Sucrase-isomaltase deficiency, also known as congenital sucrase-isomaltase deficiency, is a rare genetic disorder that affects the body's ability to digest certain sugars, specifically sucrose and maltose. Sucrase and isomaltase are two enzymes produced by the small intestine that break down these sugars into glucose, which can then be absorbed into the bloodstream.

In individuals with sucrase-isomaltase deficiency, the small intestine produces little to no sucrase and isomaltase enzymes, which results in an inability to digest sucrose and maltose properly. This can lead to symptoms such as abdominal pain, bloating, gas, diarrhea, and malnutrition.
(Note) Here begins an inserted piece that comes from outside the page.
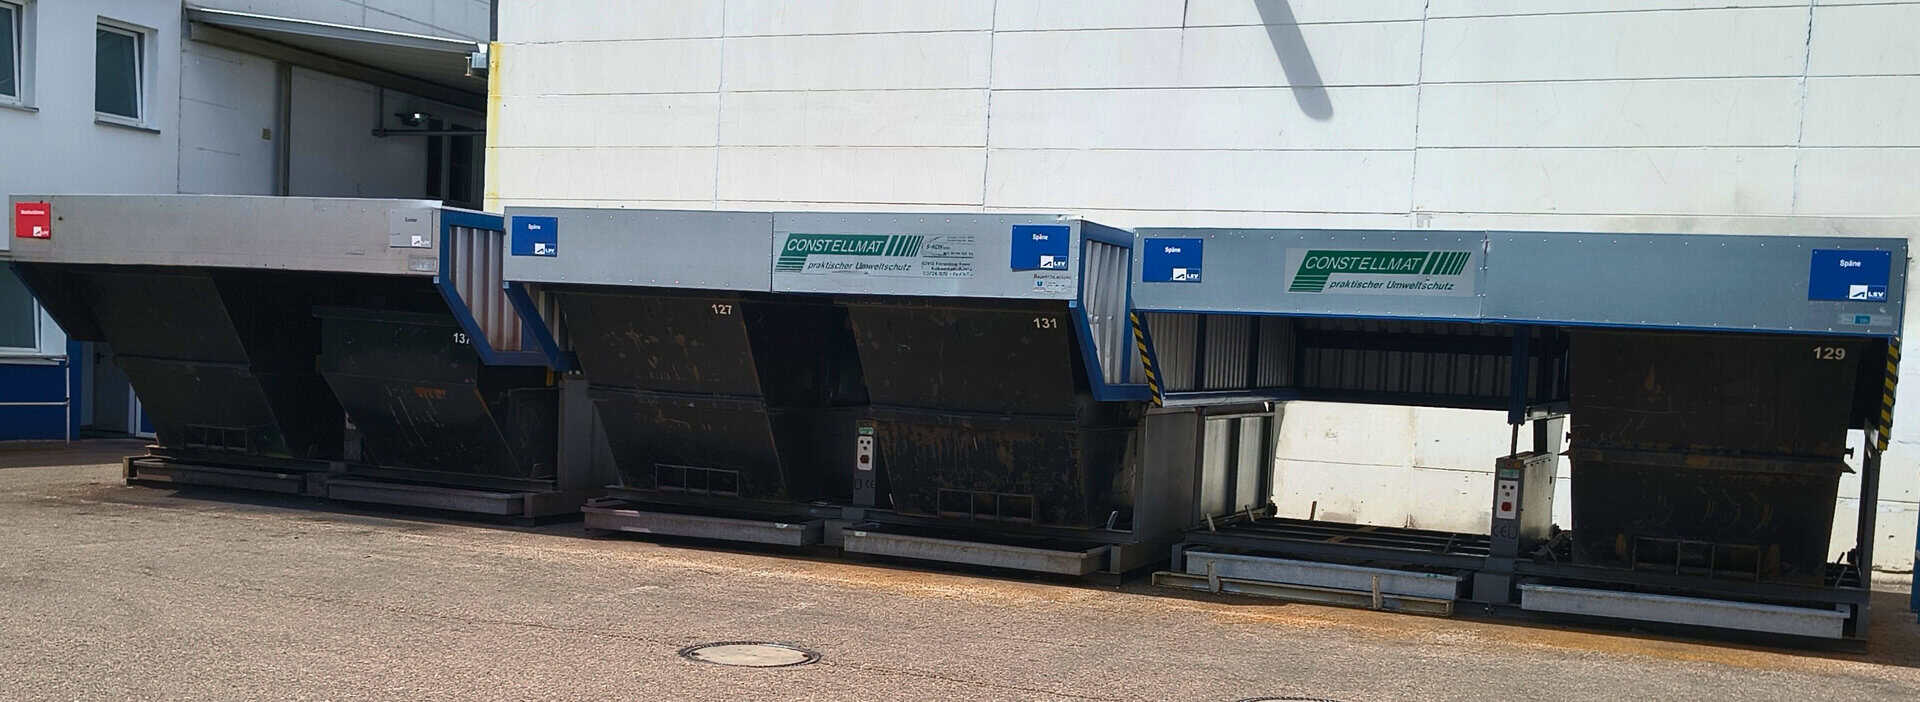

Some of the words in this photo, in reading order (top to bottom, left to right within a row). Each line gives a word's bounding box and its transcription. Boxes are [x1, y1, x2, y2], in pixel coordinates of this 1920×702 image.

Symptoms may be more severe in infants and young children.

Sucrase-isomaltase deficiency is a genetic disorder and is typically inherited in an autosomal recessive pattern. This means that an individual must inherit two copies of the defective gene, one from each parent, in order to develop the disorder.

Diagnosis of sucrase-isomaltase deficiency typically involves a hydrogen breath test, which measures the amount of hydrogen in a person's breath after they consume a sugary drink. If the levels of hydrogen are elevated, it may indicate that the sugars are not being properly digested in the small intestine.

Treatment for sucrase-isomaltase deficiency involves avoiding foods and drinks that contain sucrose and maltose. This may include limiting or avoiding sweets, candy, soft drinks, and certain fruits and vegetables. In some cases, a low-lactose diet may also be recommended, as lactose can be difficult to digest in individuals with sucrase-isomaltase deficiency.

There is no cure for sucrase-isomaltase deficiency, but with proper management, individuals with the disorder can live healthy and fulfilling lives. It is important for individuals with sucrase-isomaltase deficiency to work closely with their healthcare provider and a registered dietitian to develop a personalized nutrition plan and to monitor for any potential complications.